Actually stewart, my legs are fine, its my low back.  I injured it pretty good about 2 years ago and its never been the same since.


----------



## Stewart14 (May 17, 2006)

gotcha....that sucks man....did you injure it weightlifting?


----------



## TheCurse (May 19, 2006)

Partly stewart, it was a combination of things and had a lot to do with the fact that i used to sit at a desk for 10 hours a day for work (for years) and was not very flexible.  Humans just arent designed to do that, in my opinion.

5/19/06 Back Day RR week

Weighted Chins 10x+25, 10x+35, 8x+25
Hammer STR Horizontal row, widest neutral grip single arm 10x90, 10x135
T-Bar row 12x45, 12x70
One arm Dumbell row 10x70, 10x80
Reverse Cable fly 11x25, 11x30, 10x40
Dumbell Pullover 10x50, 10x80, 10x100
Barbell Curl 10x80, 9x95

was very tired after my first exercise but made it through.  I threw in the BB curls since i wont be able to lift this weekend and do my arm day  .


----------



## TheCurse (May 22, 2006)

5/22/06 RR week arms

Hammer curl 8x45, 8x50, 8x50
Cable Pulley Curl 10x80, 10x90, 10x100
Single Arm Dumbell Preacher curl 10x25, 11x25, 11x25
Weighted Dip 8x+35, 8x+70, 9x+105
Super Crushers (dumbbell) 10x35, 10x40, 9x45
Press Down 12x90, 12x100
Rope Pulley Curl superset with Rope Press down 10x80, 10x85

next time start weighted dips at 70-80.


----------



## Burner02 (May 22, 2006)

what's a super crusher?


----------



## Seanp156 (May 22, 2006)

Burner02 said:
			
		

> what's a super crusher?



When I read it at first, I thought it said one arm skull crushers? Did you edit it Curse, or am I delusional?


----------



## TheCurse (May 22, 2006)

thats an excercise i sort of made up, well probably not someone most likely already did but ive never seen anyone else do it. ill try to describe it:

its like doing skullcrushers with dumbells with a stretch at the bottom.

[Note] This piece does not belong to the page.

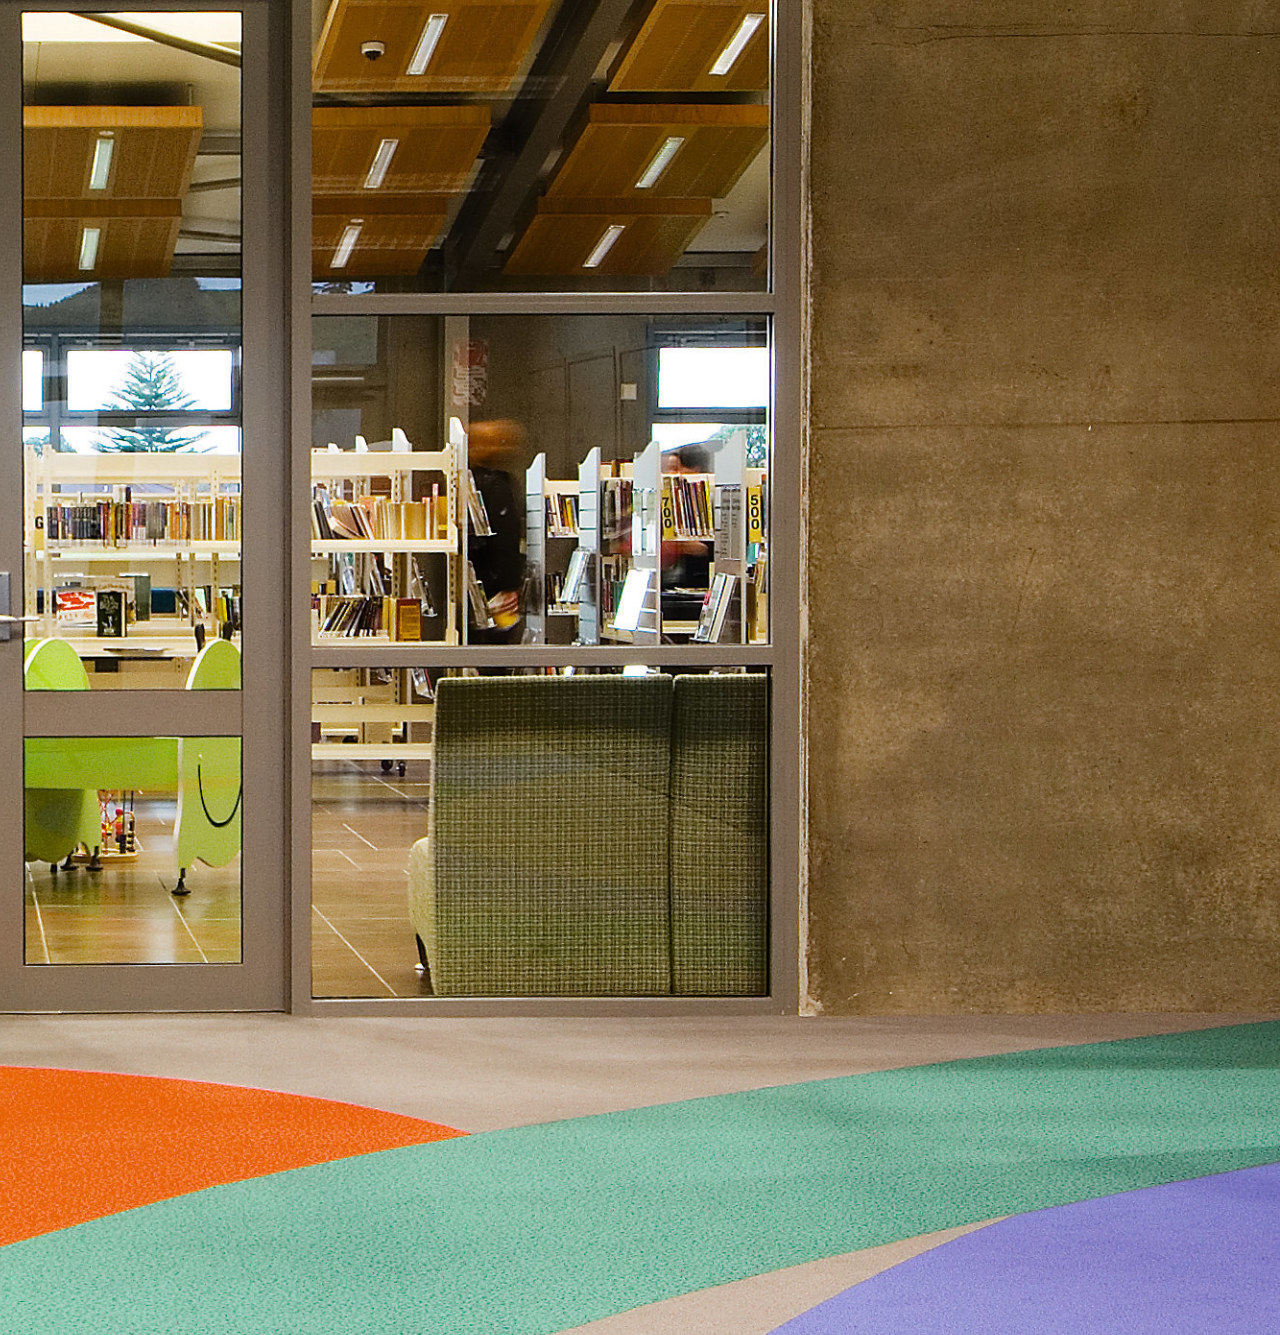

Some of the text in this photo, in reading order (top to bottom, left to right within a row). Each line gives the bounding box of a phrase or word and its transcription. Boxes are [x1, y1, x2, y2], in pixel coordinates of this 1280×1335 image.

Grab some dumbells, lay on a flat bench, hold them overhead in starting position. your palms should face your feet. 
lower the db's back down toward your head, but as your coming down you rotate your palms so the dumbells turn inwards and you end up sort of looking at your fingers.
from here you reach back behind your head with the dumbells, just reach em back and let gravity pull them down. 
tap the floor with the db's and reverse the motion you just did.
so you pull your upper arms upwards until they are perpendicular to the floor, then you press the dumbells up (like a skullcrusher, upper arm not moving) rotating your palms outward as you go up through the range of motion, ending with your palms facing your feet.

if you try this you will see the rotation of the db's is mostly so you dont whack yourself in the face with them, but ive found it feels natural and like the right path to move in.

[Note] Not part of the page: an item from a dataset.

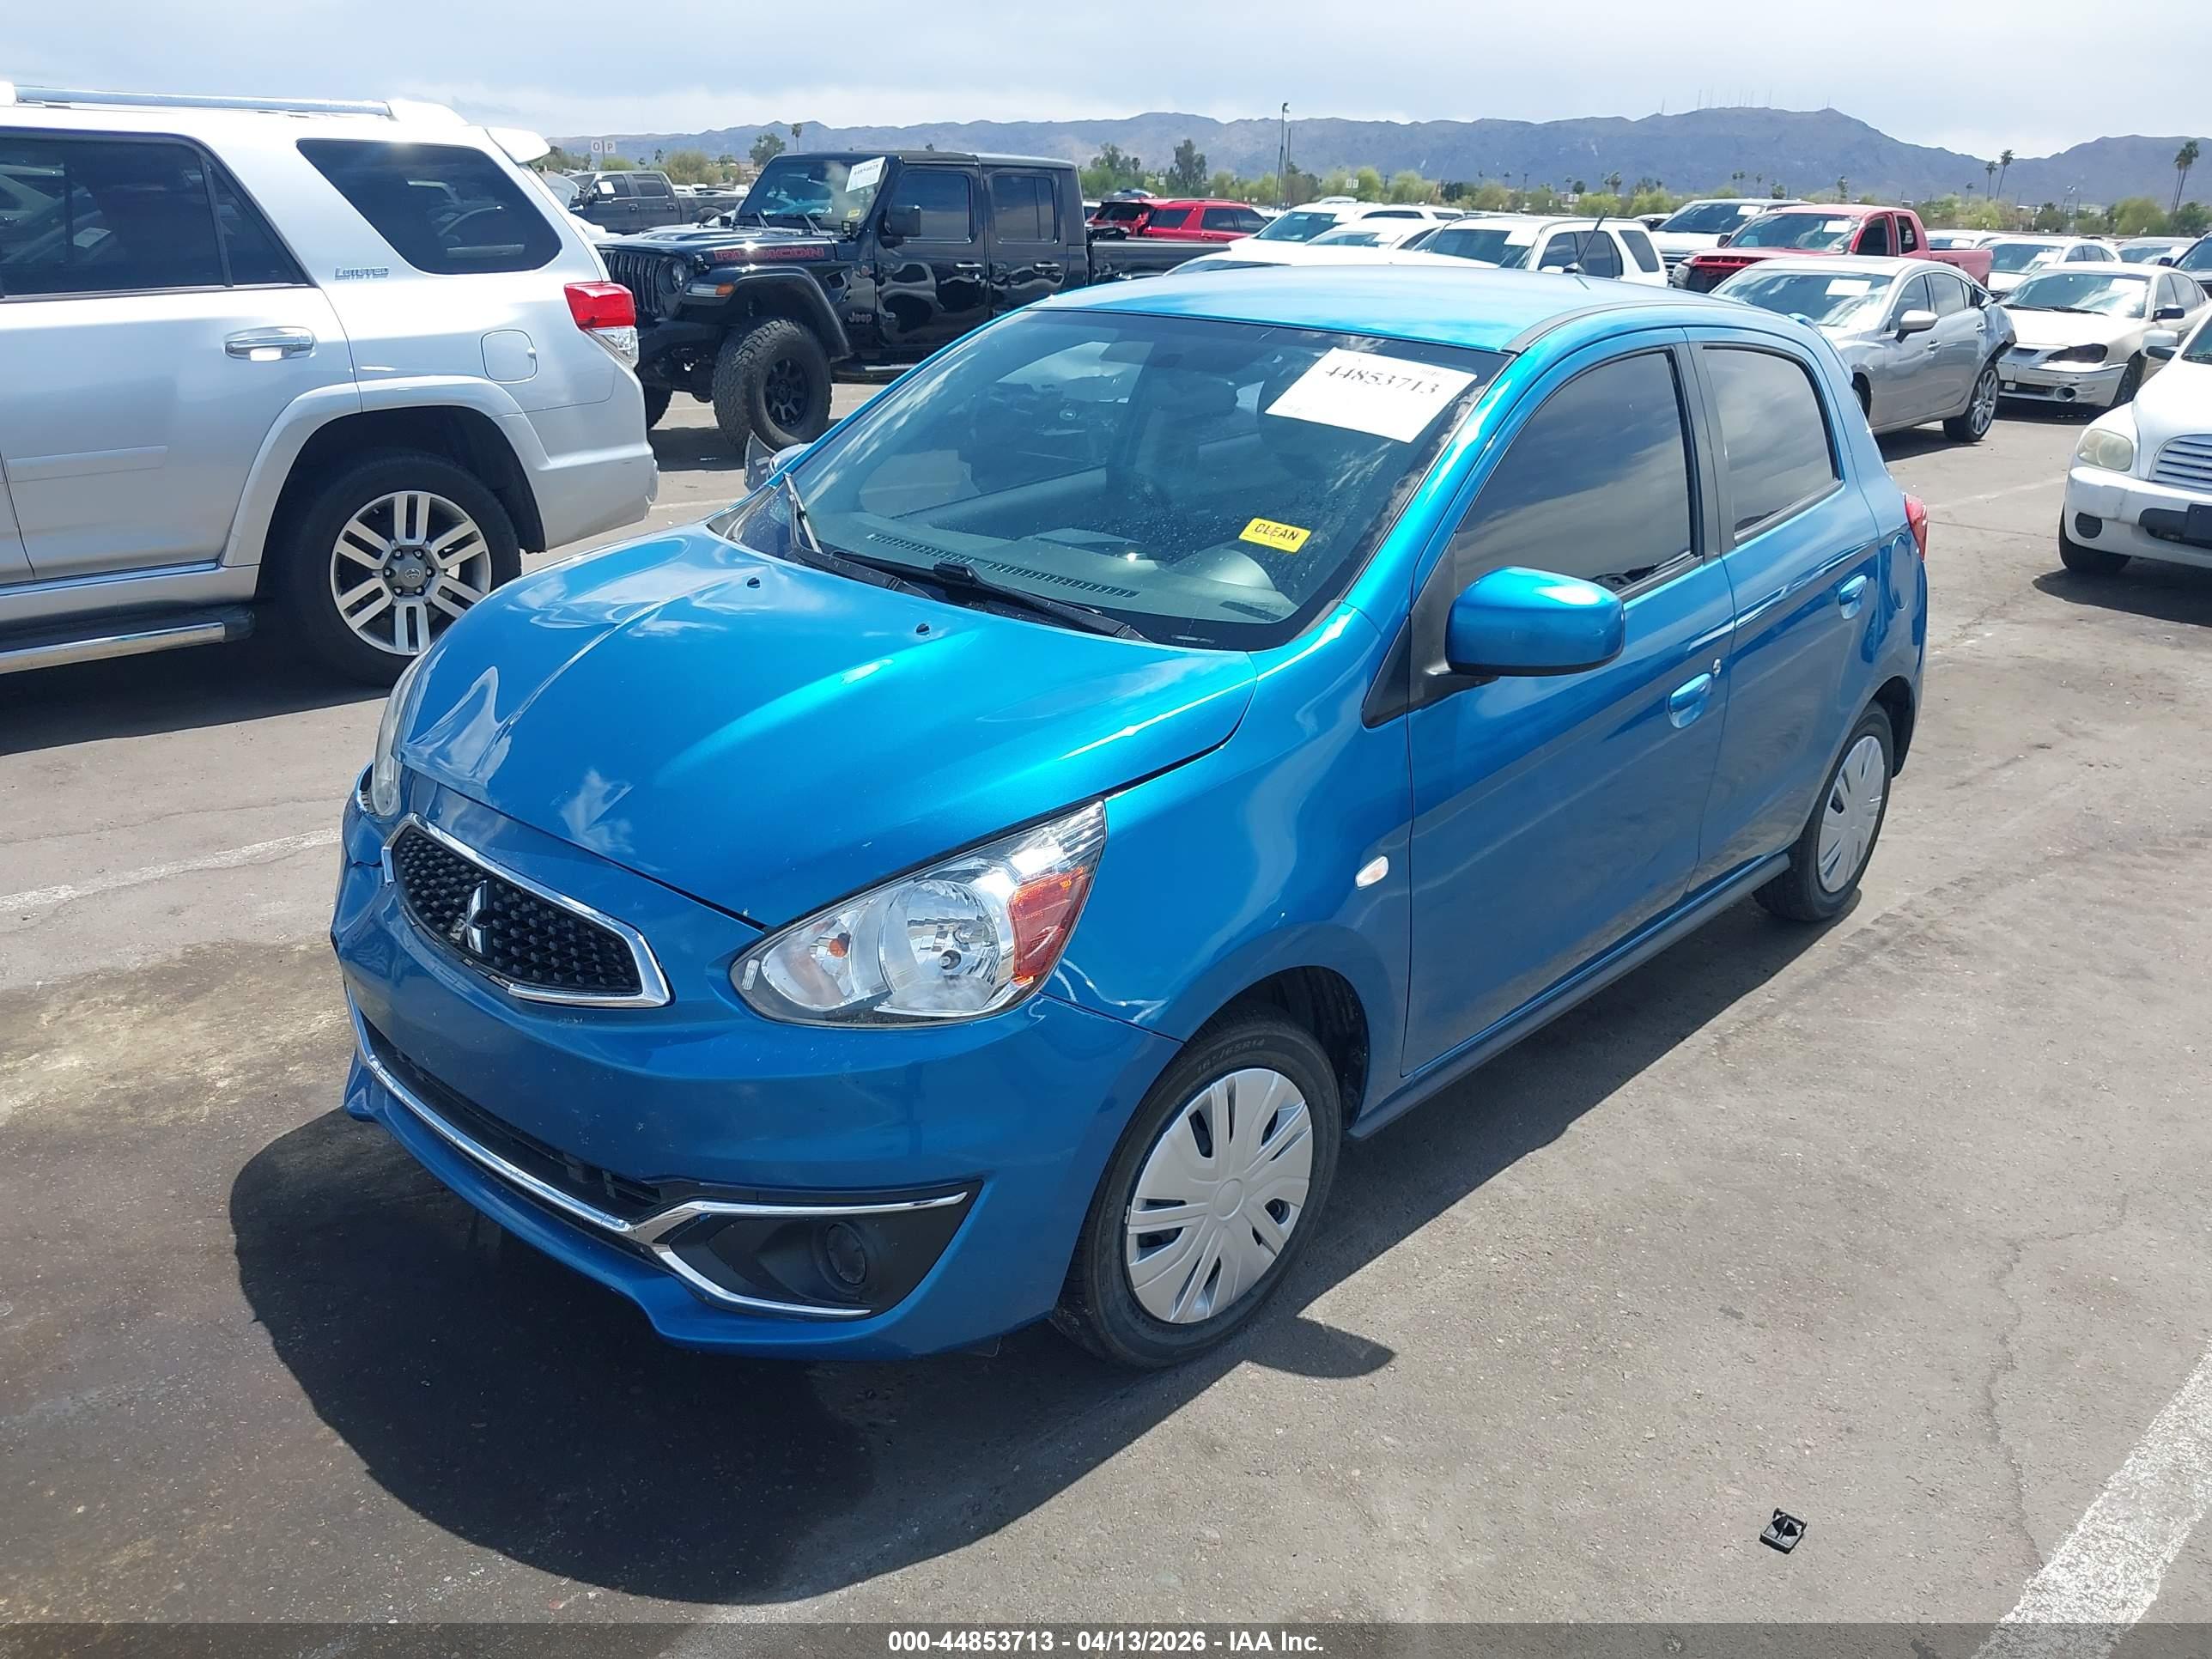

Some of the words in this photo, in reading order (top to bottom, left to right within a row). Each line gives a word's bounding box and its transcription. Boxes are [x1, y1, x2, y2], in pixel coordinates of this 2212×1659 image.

[607, 143, 613, 151] P
[848, 312, 872, 325] Jeep
[1325, 365, 1440, 394] 44853713
[1254, 522, 1299, 541] CLEAN

i love this exercise, you can do it with a barbell too, just reach it back behind your head the drag it back over before crushing.

the purpose here is to stretch the long head of the triceps a bit more. 

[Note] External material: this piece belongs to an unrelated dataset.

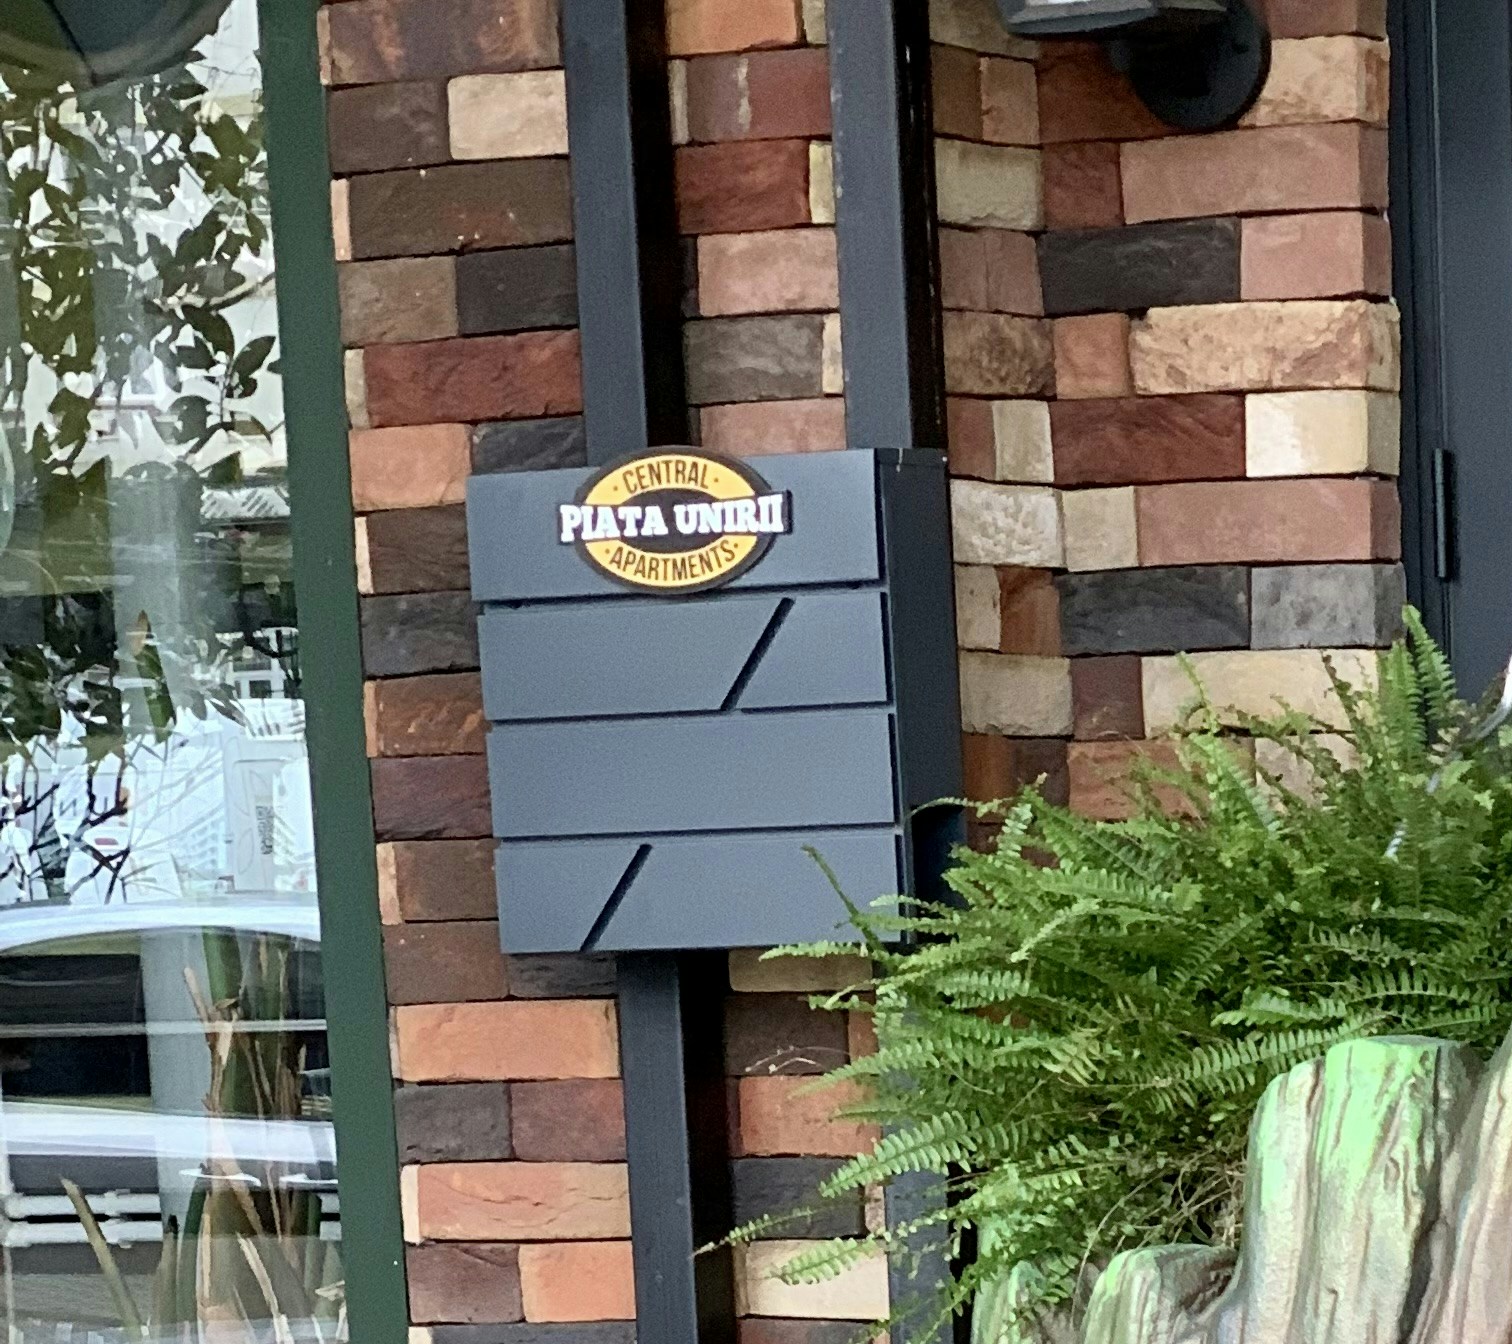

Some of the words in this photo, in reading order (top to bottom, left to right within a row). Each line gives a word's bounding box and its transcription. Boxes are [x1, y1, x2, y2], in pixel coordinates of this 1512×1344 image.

if my explanation is confusing i will try to do better lol. 

no seanp i did not, you must be delusional


----------



## Burner02 (May 22, 2006)

dang..those sound...sick!   might have to give them a whirl Friday...


----------



## TheCurse (May 22, 2006)

lol thanks burner, give it a shot you might like em. 
anyone that tries these just make sure you get the form down, its all about stretching as far as you can and being as strict as you can through the full ROM, really trying to feel it in your triceps. ive been doing these for years, when i started my sets were with 25lb or 30lb db's.


----------



## Burner02 (May 22, 2006)

well...going by the size of your horseshoes...to my 'poneyshoes'....I'm game for almost anything!


----------



## Seanp156 (May 22, 2006)

Burner02 said:
			
		

> well...going by the size of your horseshoes...to my 'poneyshoes'....I'm game for almost anything!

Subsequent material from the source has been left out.